Where Dragon Keep was and expansion of the core Borderlands 2 experience, Wonderlands at it’s core is very much Borderlands 3. So much of the DNA bleeds through to what you’ll experience in Wonderlands when it comes to the primary design of the game, but it’s incredibly refreshing to have it all set in a lush, vibrant fantasy universe rather than the harsh, apocalyptic setting so prominent in the Borderlands series. Wonderlands is certainly the most beautiful these games have ever been from a world design and art direction standpoint.
If you’re a Borderlands fan you’re likely going to love Wonderlands. Though I feel if you’ve played the series in the past and didn’t quite like the design of them, Wonderlands doesn’t do a whole lot at it’s core to change your mind. Although it features a refreshing new setting, it’s still very much a looter-shooter, with the same style of humour and writing that has become a staple of the Borderlands series.
Speaking of the writing, it is hands down the best thing about Wonderlands. Well, at least the thing I enjoyed most. The main overarching story itself is very much a typical tale of stopping the plans of a resurrected big bad evil guy but the individual characters, their quirks and their interactions with each other and the world are where this game really shines. It has so many laugh out loud funny moments, characters you’ll get incredibly invested in and many references to things that are so relatable to those that play tabletop rpgs. The quality of the characters and writing doesn’t dip, in fact it gets better the further the game progresses, which I loved to see.

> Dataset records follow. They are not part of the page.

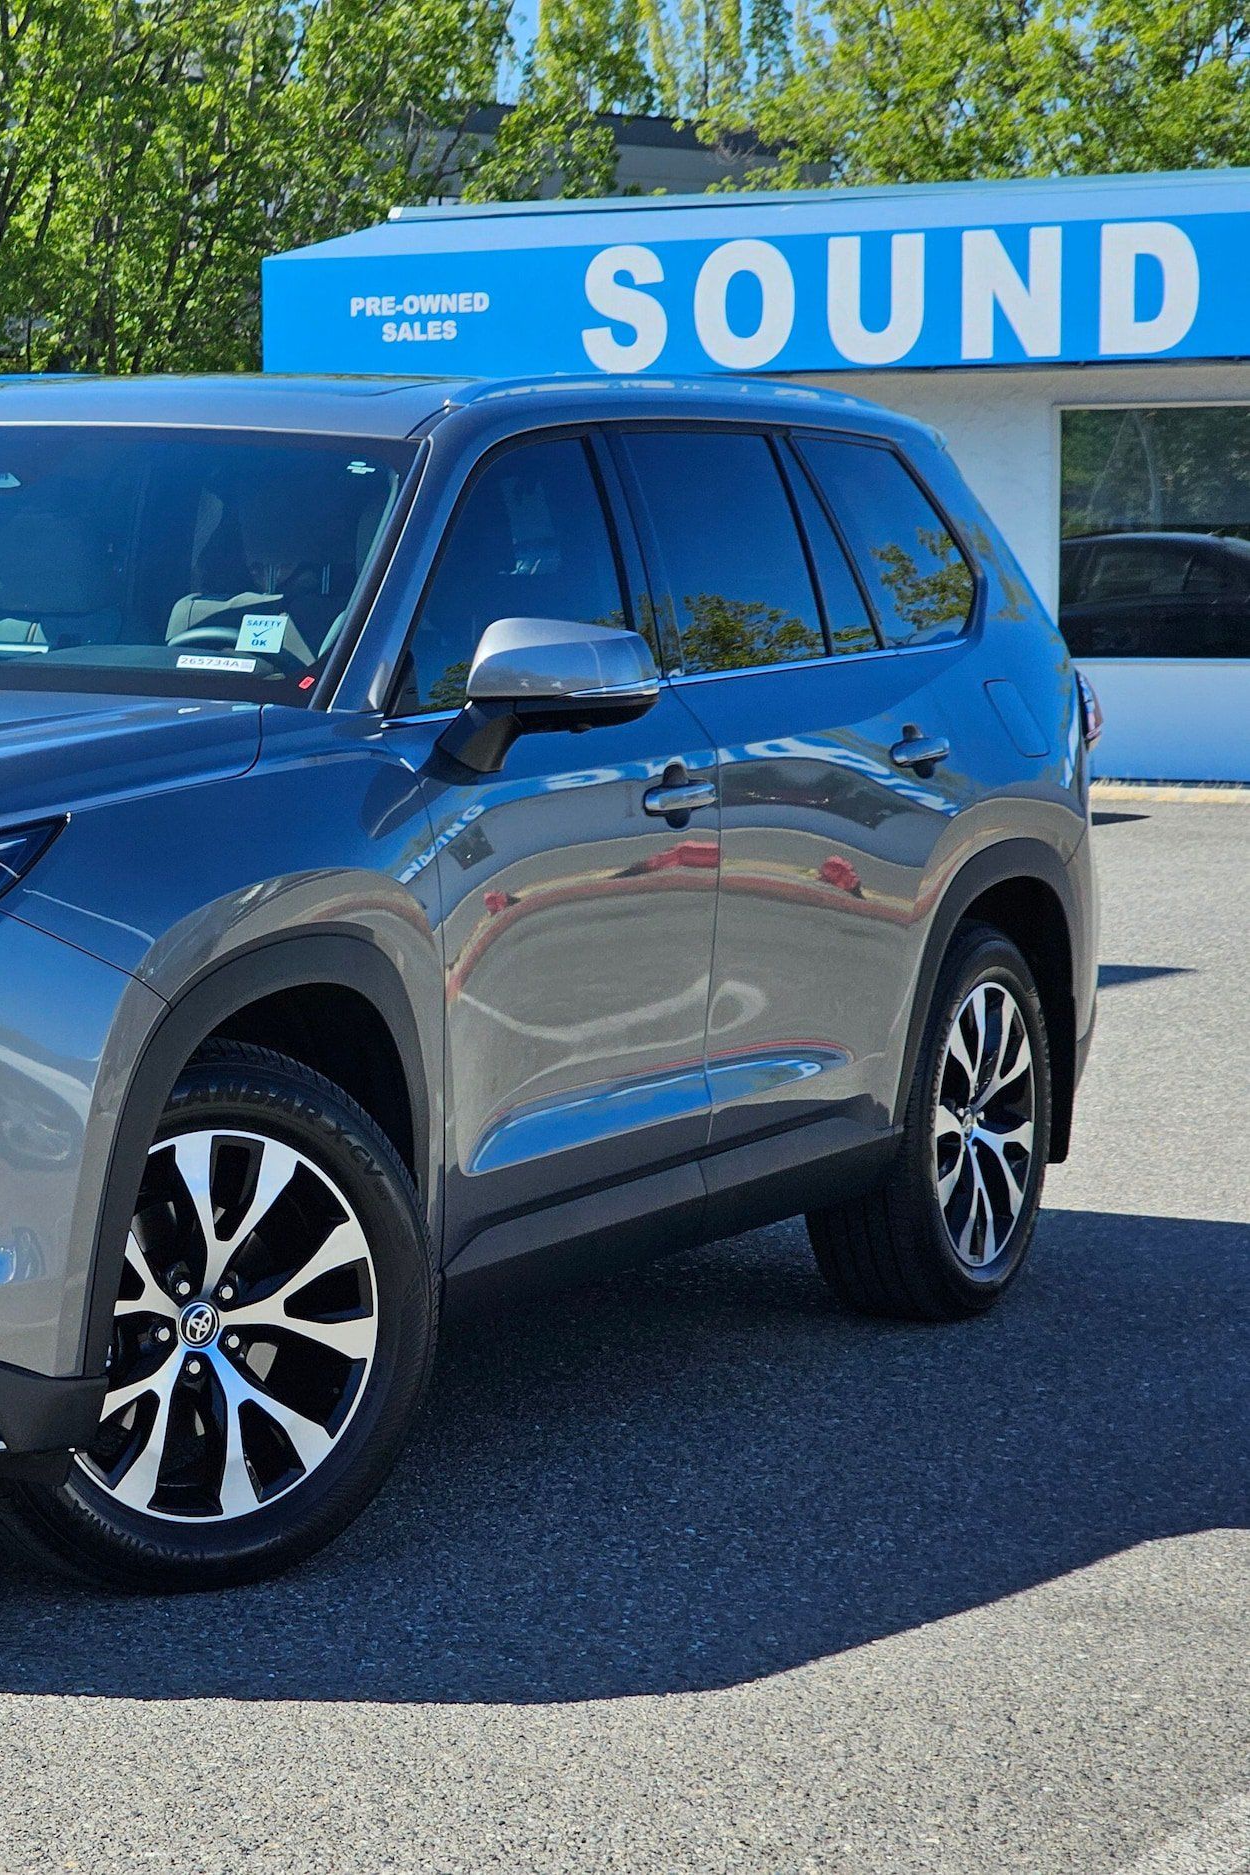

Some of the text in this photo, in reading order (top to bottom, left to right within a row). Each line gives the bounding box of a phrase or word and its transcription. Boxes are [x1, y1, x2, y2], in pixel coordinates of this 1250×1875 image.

[350, 291, 490, 318] PRE-OWNED
[581, 221, 1200, 374] SOUND
[381, 320, 458, 343] SALES
[246, 618, 283, 628] SAFETY
[251, 638, 268, 648] OK

Besides introducing a new world to explore and spells to use, Wonderlands includes a board game over world that is used to progress through the key locations of the world and the story of Wonderlands. This mode takes you out of the traditional first person view of the game and you’ll control a bobblehead-like version of your player character in the third person as you traverse the game board, talking to other npcs, collecting side quests, completing combat encounters as you move from place to place throughout the lands. The introduction of these combat encounters I initially thought was a nice change up, but they quickly become really repetitive and offer up few useful rewards outside of those that you actually need to complete certain side quests. They’re encountered on the main overworld and transport you to a closed off arena battle where you’re tasked with taking down a number of enemies and collect the loot that spawns before you’re able to continue on your way on the overworld. They’re fun at first, but the bland closed off arenas and the repetitive nature of the encounters had me wishing there were a wider array of mission types and levels available for this aspect of the game.
Tiny Tina’s Wonderlands is a refreshing take on the traditional Borderlands formula. It’s not so far different that I can recommend it to people that don’t like the design of Borderlands, but if you are, or you’re a fan of fantasy games or looter-shooters then there’s a lot here for you to like. It’s incredible writing, performances and endless amounts of customisation will keep players coming back to replay the game or enjoy it’s endgame content for a long time to come. If Gearbox decide to make Tiny Tina’s world a staple series alongside releases of core Borderlands games, that’s something I’d fully be on board with.
A PS5 Review code was provided by the publisher for the purpose of this review.